Yellow blogger, Arielle Estoria, posted this powerful piece originally on her blog, Chronicles of a Lioness, in response to the Charleston, North Carolina shooting. She shared it with Yellow Co. for our current series, Creative Advocacy.
When my parents raised my siblings and me, they taught us the importance and value behind seeing ourselves as whole, precious and unique human beings.
We were raised to value education, to believe that we were capable of doing whatever it is we set our minds to, we were shown how to love and be loved well in return. We did not grow up wealthy but we “live a life of manna” as my mother would call it, a life leaning and depending on the provision of God; and he never fails to provide exactly what we need and when we need it.
Growing up in Northern California, you experience a plethora of people from all sorts of religious, racial and cultural backgrounds. I had Black friends, White friends, Hispanic friends, mixed friends, I babysat for mostly Asian families, I took Tae Kwon Do and learned how to pay respect and count to ten in Korean; I always fell for Caucasian boys with stunning blue eyes or Hispanic boys with their ability to win me over with their language I didn’t hear often. Not color blind, but it was clear that we all came from different places, it was beautiful and we celebrated it.

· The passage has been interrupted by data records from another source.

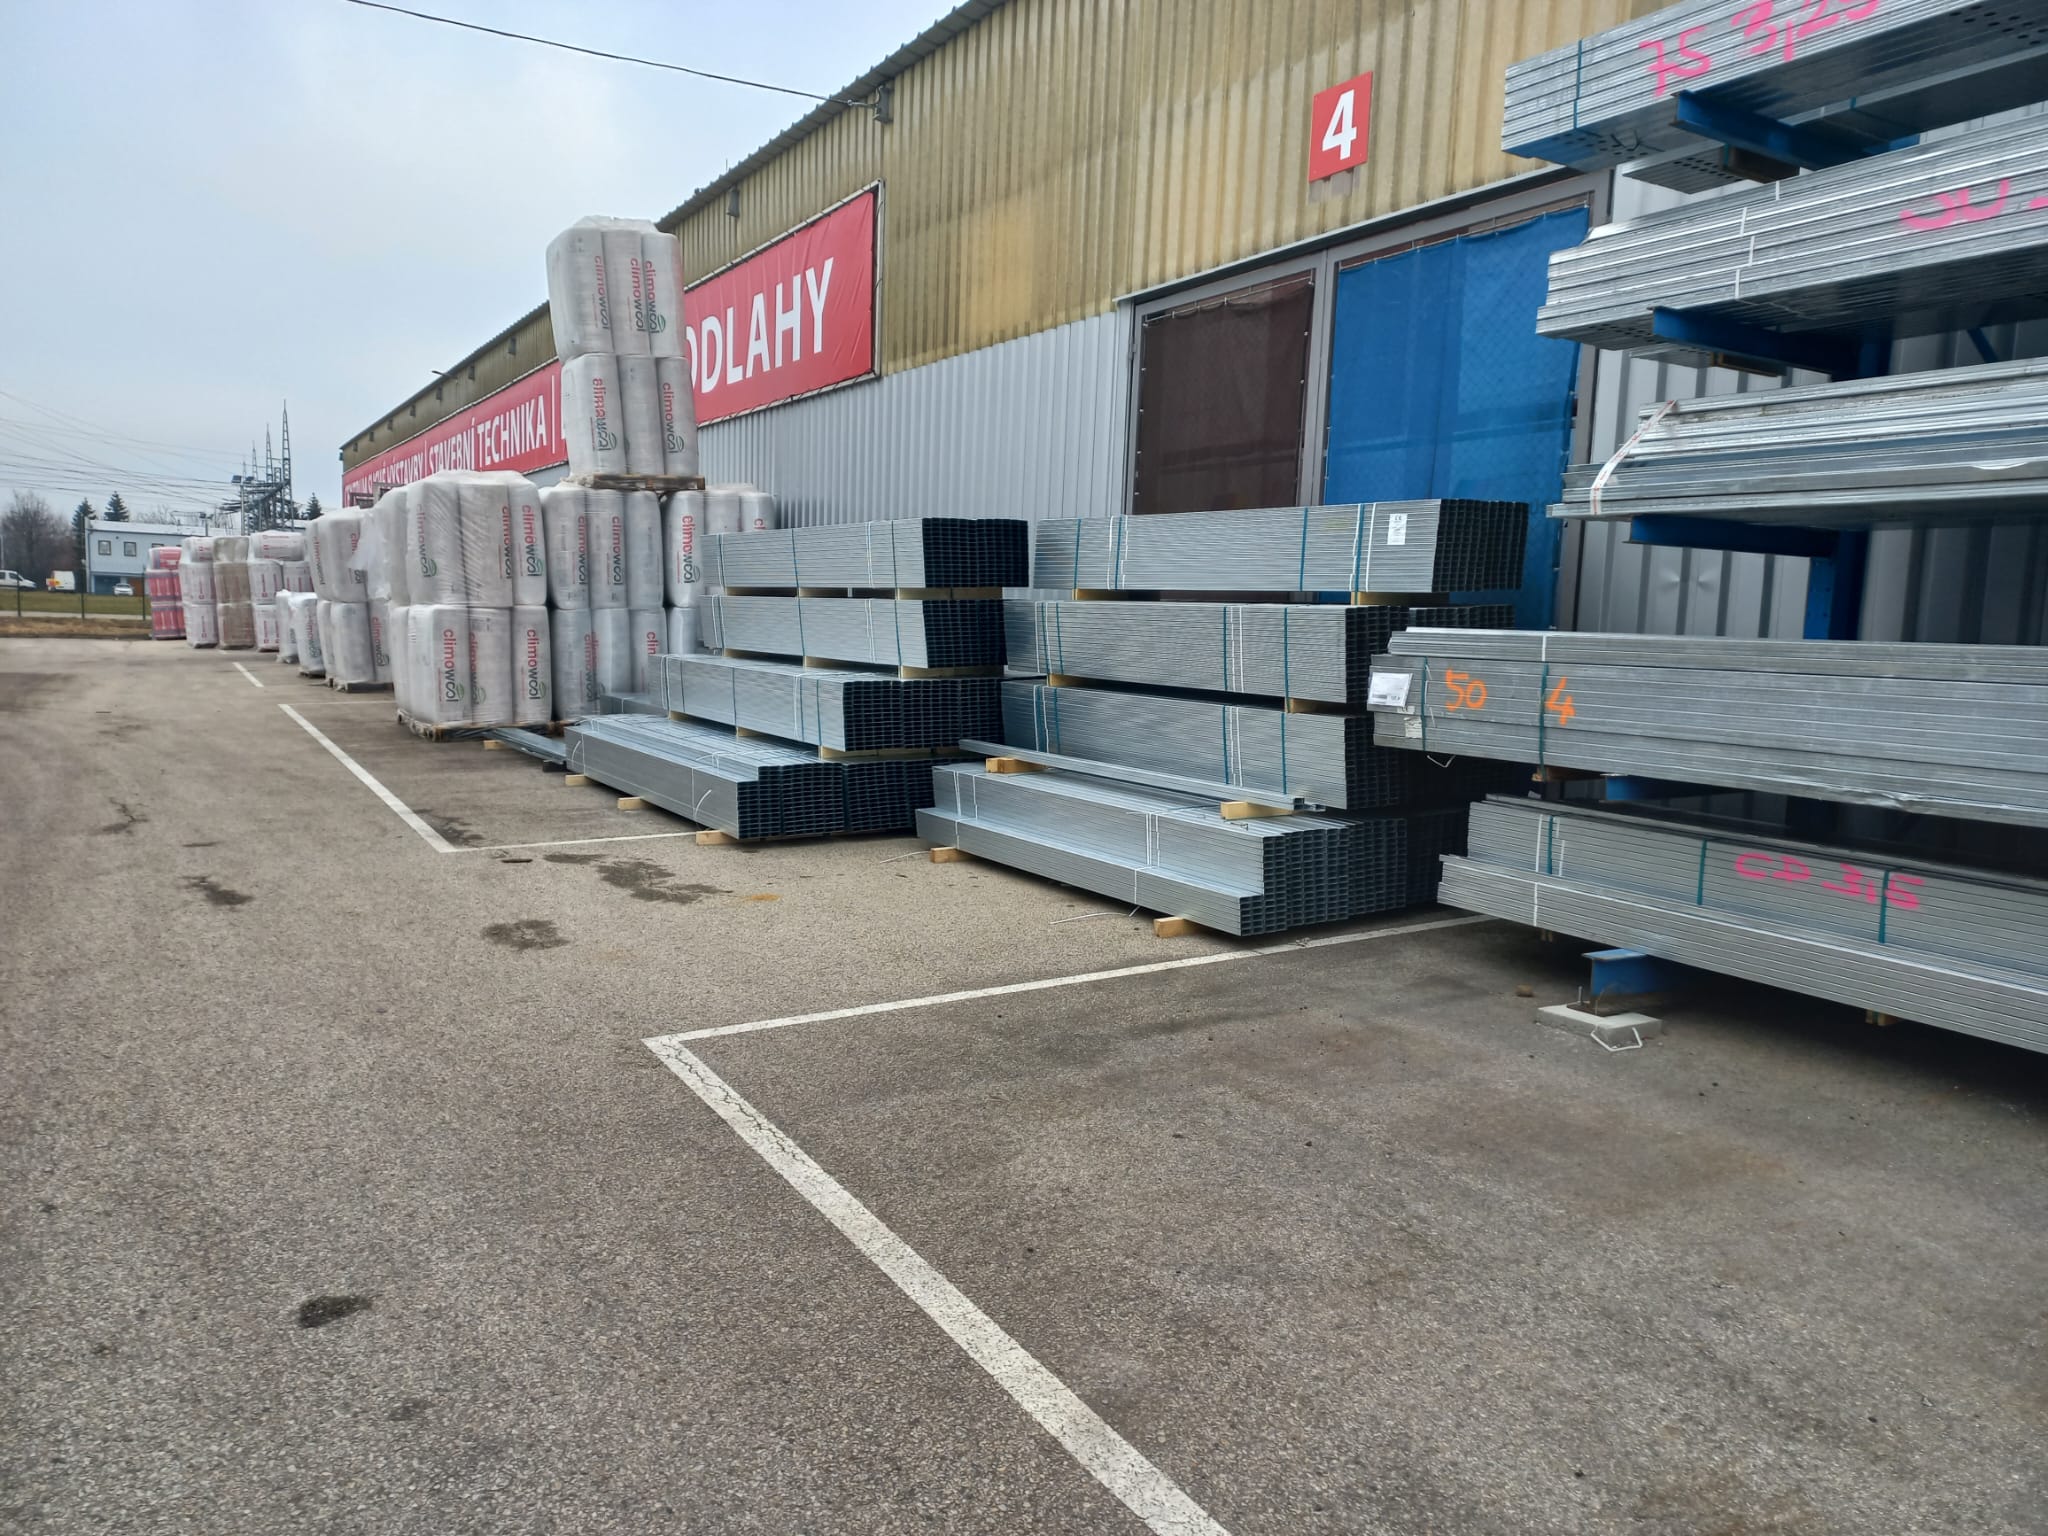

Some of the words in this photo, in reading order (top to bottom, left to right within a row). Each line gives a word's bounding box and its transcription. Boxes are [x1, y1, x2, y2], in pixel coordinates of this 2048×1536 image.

[1321, 89, 1357, 160] 4
[630, 258, 646, 332] climowool
[645, 260, 660, 334] climowool
[429, 417, 475, 477] STAVEBNÍ
[477, 395, 548, 468] TECHNIKA
[592, 378, 612, 452] climowool
[662, 382, 678, 454] climowool
[522, 505, 542, 577] climowool
[612, 516, 623, 585] climowool
[682, 515, 695, 584] climowool
[444, 629, 459, 702] climowool
[527, 629, 540, 699] climowool
[1445, 668, 1488, 712] 50
[1545, 676, 1576, 726] 4

It wasn’t until I got to college that me being an African American woman was something to focus on, pinpoint, and remind me of as if I wasn’t aware of it already. I experienced what ignorance looked like, some who were aware of it and some who were not. I went on a blind date and was put in the same category as ordering black coffee: strong, tall and black. I was told that I was “_pretty…_for a Black girl,” that I was a “white woman trapped in a Black Woman’s body” and experienced what it felt like when your skin color was the person and that was all people could see.
My heart breaks in a thousand little pieces with the current events circling our news today. I find myself praying just a little bit harder that my brother doesn’t have to grow up in a world that automatically sees him as someone who is dangerous or the man that I am dating turning just a little bit too quickly and someone finding him a threat. That my father in all his big and bear like qualities would hold his Bible in a way that could seem just a _little_off or the idea that my mother, praying in a church, could not have another moment after. Terrified for every one of my sisters, that their potential would be boxed into a perception placed on them by others and not given even a moment to shine. I am saddened when I walk past a vehicle and hear the lock of someone’s car as if any thought of harming them had crossed my mind while doing so.
I stayed silent because __I never wanted to be the “angry black woman.”
I didn’t want to make people feel like they had to apologize for something their ancestors did, I didn’t want to make people uncomfortable. But the truth is, racism is rearing its ugly head and it is not being shy about it. This IS about race and about hate. This IS about black lives and them not mattering and the perspective that somehow despite the same blood, flesh and bones… we are considered less.
It is terrifying, that we can continue living day to day and not be affected in someway by this. Do you have blood pumping in your veins? Does your heart reverberate the rhythm of life? Then yes, you’re supposed to feel something, feel the disruption of nine families lives and sudden shift of grief that has taken place. There is such thing as privilege, the abuse of it, the neglect of it and the misunderstanding of why you actually have it in the first place. With grace, a lot of grace and love and every prayer that we can muster both big and small there _has_to be redemption in this.
Death is inevitable but hate is not.